花盗人も罪になる
香織と円は会社の近くのイタリアンレストランで食事をしながら、白ワインを飲んで話していた。

「ところで……気になってたんだけど、円の好きな人って大阪に出張してる主任のうちの誰かなの?」

「気になってたの?」

「まぁ、少しね。
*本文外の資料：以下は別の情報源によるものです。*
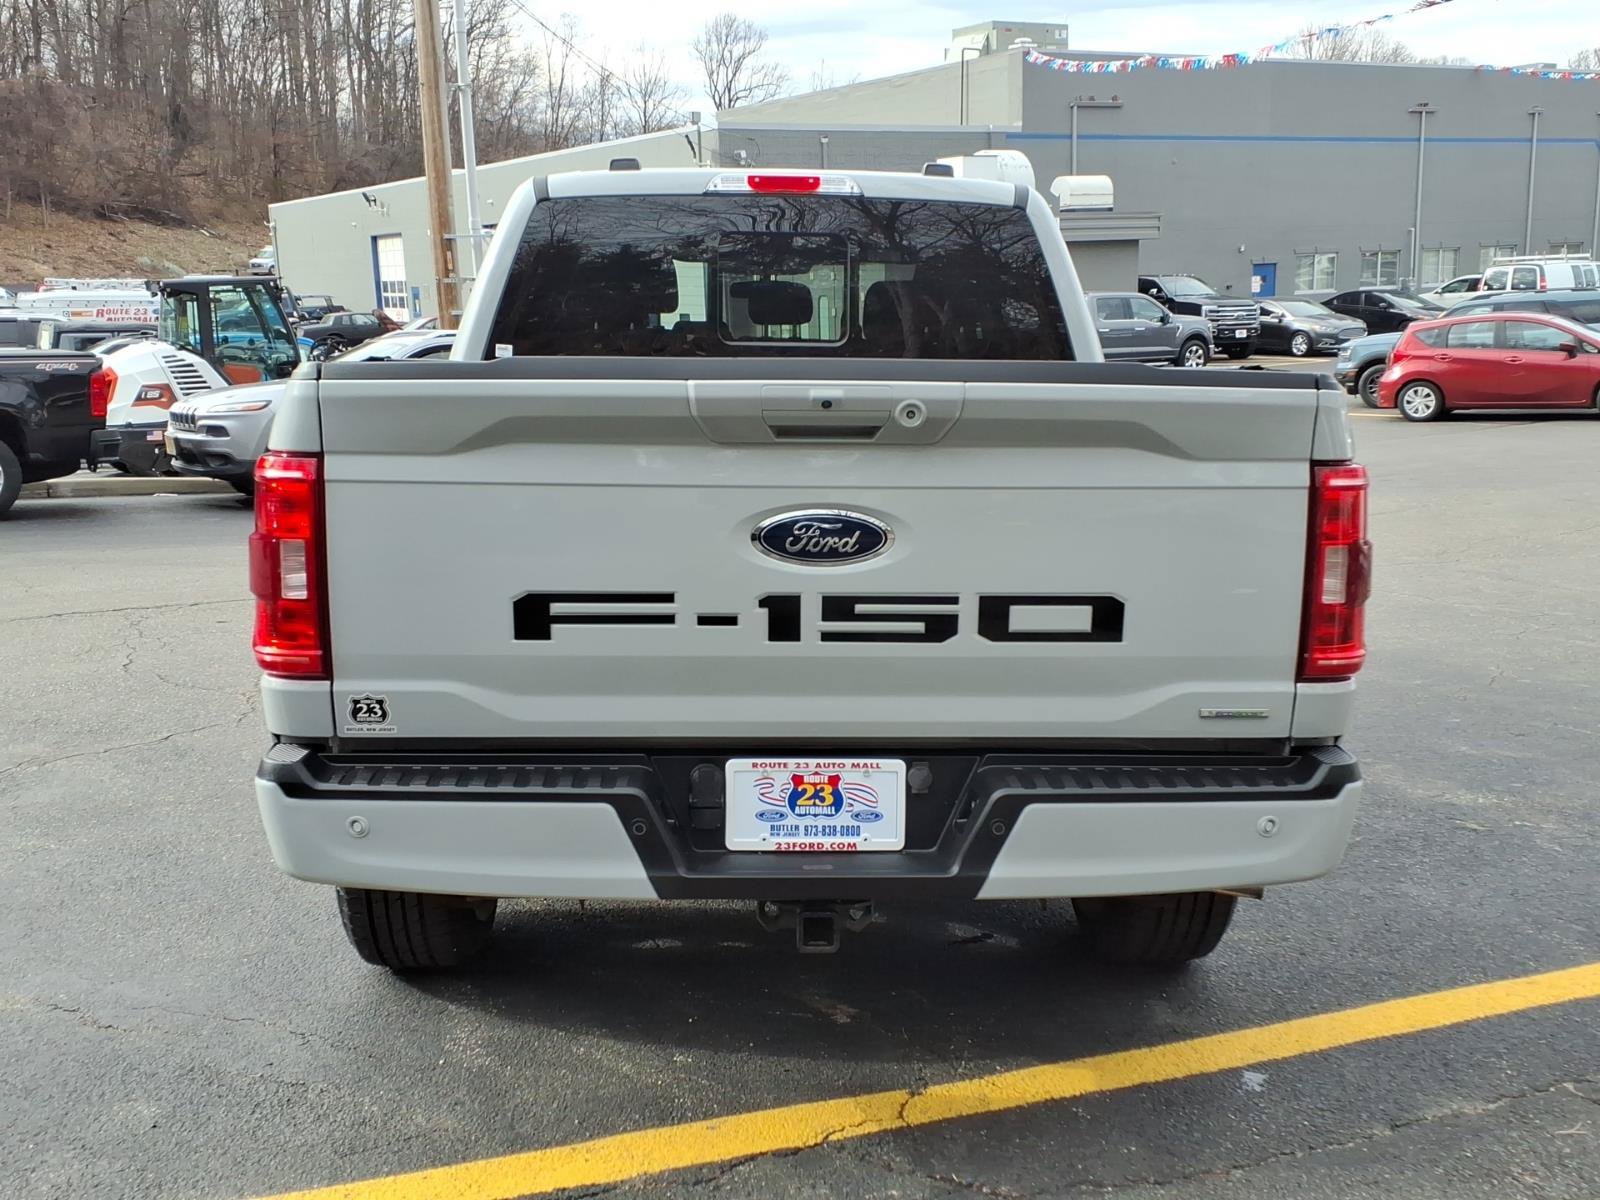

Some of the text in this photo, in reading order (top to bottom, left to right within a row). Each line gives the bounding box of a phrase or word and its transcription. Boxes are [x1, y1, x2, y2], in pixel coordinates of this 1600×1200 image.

円が不倫なんて変な気起こさなければいいなって」

大阪に出張している主任は3人とも既婚者で、3人とも背が高く見た目もかっこいいと思う。

円はその他にどんなことを言っていただろう?

「少しずつ距離を縮めてるとこなんだけど、もう少ししたらちょっと仕掛けてみようかと思ってる」

「仕掛けるって……相手は既婚者なんでしょ?」

「そうだけど、それが何?」

円は悪びれもせず笑っている。

「ねぇ……前も言ったよね?円は良くても他の誰かが……」

「傷付くって言いたいの?」

こちらに向けられた円の射貫くような鋭い視線に、香織は背筋が寒くなるのを感じた。

「他の人を傷つけようが何しようが、奪ってでも私はその人が欲しいの」

円には香織の常識は通じないのかもしれない。

“女の敵は女”とはよく言ったものだ。

絶対に円を敵に回したくない。

「こんな気持ち、いい子の香織にはわからないでしょ?だから相手が誰かは教えない」

円の不倫を止めておきながら、大輔が好きなはずなのに既婚者の上司である逸樹の存在が気になっていることが香織は少し後ろめたかった。

「私は……いい子なんかじゃない……」

香織が思わず目をそらしてそう呟くと、円はグラスのワインを一口飲んで口元に笑みを浮かべた。